The inaugural event, Freakfest, was booked some six months in advance. But when Starr Hill up and closed, Brenner was left scrambling to find his musicians a new home. He renegotiated with a relatively new venue, one that had popped up on the Corner just some four years earlier.
Satellite Ballroom became the new home of the fringe-filled Freakfest this past September. The pop-rock- and hip-hop-influenced Noble Savages followed in December, while the jazz and experimental sounds of Surround Sound took the stage in February.
Coming up Saturday, it’s part four: Acoustic Mafia, featuring some of the best of our acoustic, Americana and roots music players.
Saturday, by the way, also is the last ball for the Ballroom.
Brenner got in just under the wire on this one as now Satellite, too, has lost its space.

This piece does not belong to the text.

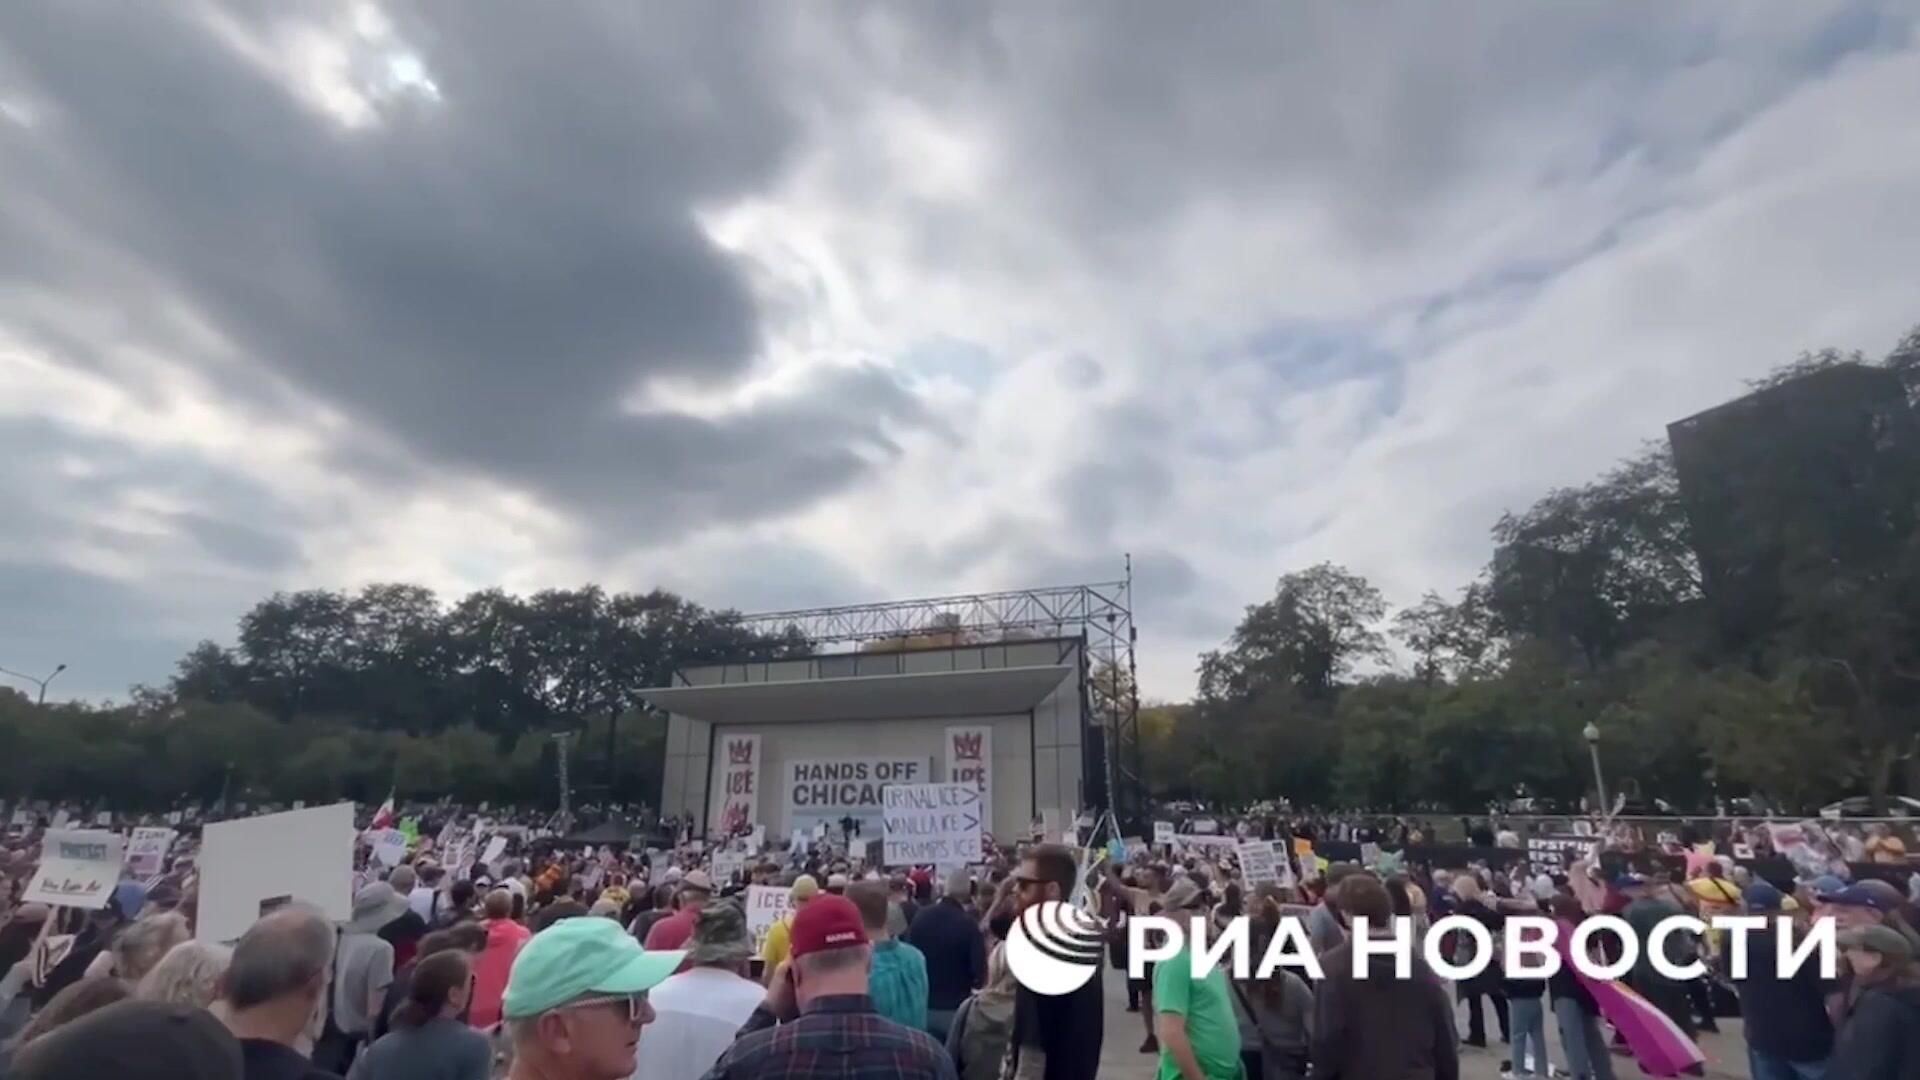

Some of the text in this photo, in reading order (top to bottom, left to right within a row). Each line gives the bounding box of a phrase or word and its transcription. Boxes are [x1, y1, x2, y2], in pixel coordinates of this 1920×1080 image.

It would be a good time to come out and say farewell to the concert hall. Brenner has a solid lineup in store with the likes of Paul Curreri, Shannon Worrell, Andy Waldeck and the Cvillians, Helen Horal, Acoustic Groove Trio, Sarah White, Jim Waive and Jay Pun and Morwenna Lasko.
I am looking forward to hearing Shannon perform again. We met many years ago when she was an intern at The Daily Progress. I bought her first CD shortly after that … and encouraged her to keep playing. But she had other irons in the fire, and went on to help hundreds of youngsters test their filmmaking skills as the founding director of Light House Studio.
I’m happy to hear that she’s exercising her own artistic skills again.
The last time I saw her play live was at a bar called Zipper’s. It, too, is gone. As
is Trax, as is the Mineshaft, as is Downstairs at C&O … to name a just few of our favorite lost late-night haunts.
(I saw Shannon play Trax, too. I believe she opened for Arlo Guthrie.)
But it was that night at Zipper’s that popped into my mind as I read Brenner’s latest C-Fest lineup.
Oh, Zipper’s is now known as Northern Exposure. But back then, I remember stopping in for a beverage after finishing up at a First Night Virginia. There was a band playing, no cover. Not many people were there at the time. You could walk up and sit on the edge of the stage. A girl in a swirly skirt twirled around the dance floor as I tapped my toes to the infectious music.
The band was great. I had followed its progress, too. But when the lead singer saw Shannon in the room, he invited her to come up on stage and join the group in a song. What a treat that was. Shannon Worrell and the Dave Matthews Band.
So, yes, I’m planning on going back to say farewell to another local venue on Saturday.
And who knows? We might just be saying hello to the next big act to come out of Charlottesville’s extraordinary music scene.
Thank you, Lance.
Tickets are a mere $10.
The doors open at 7 p.m., with the music starting at 8.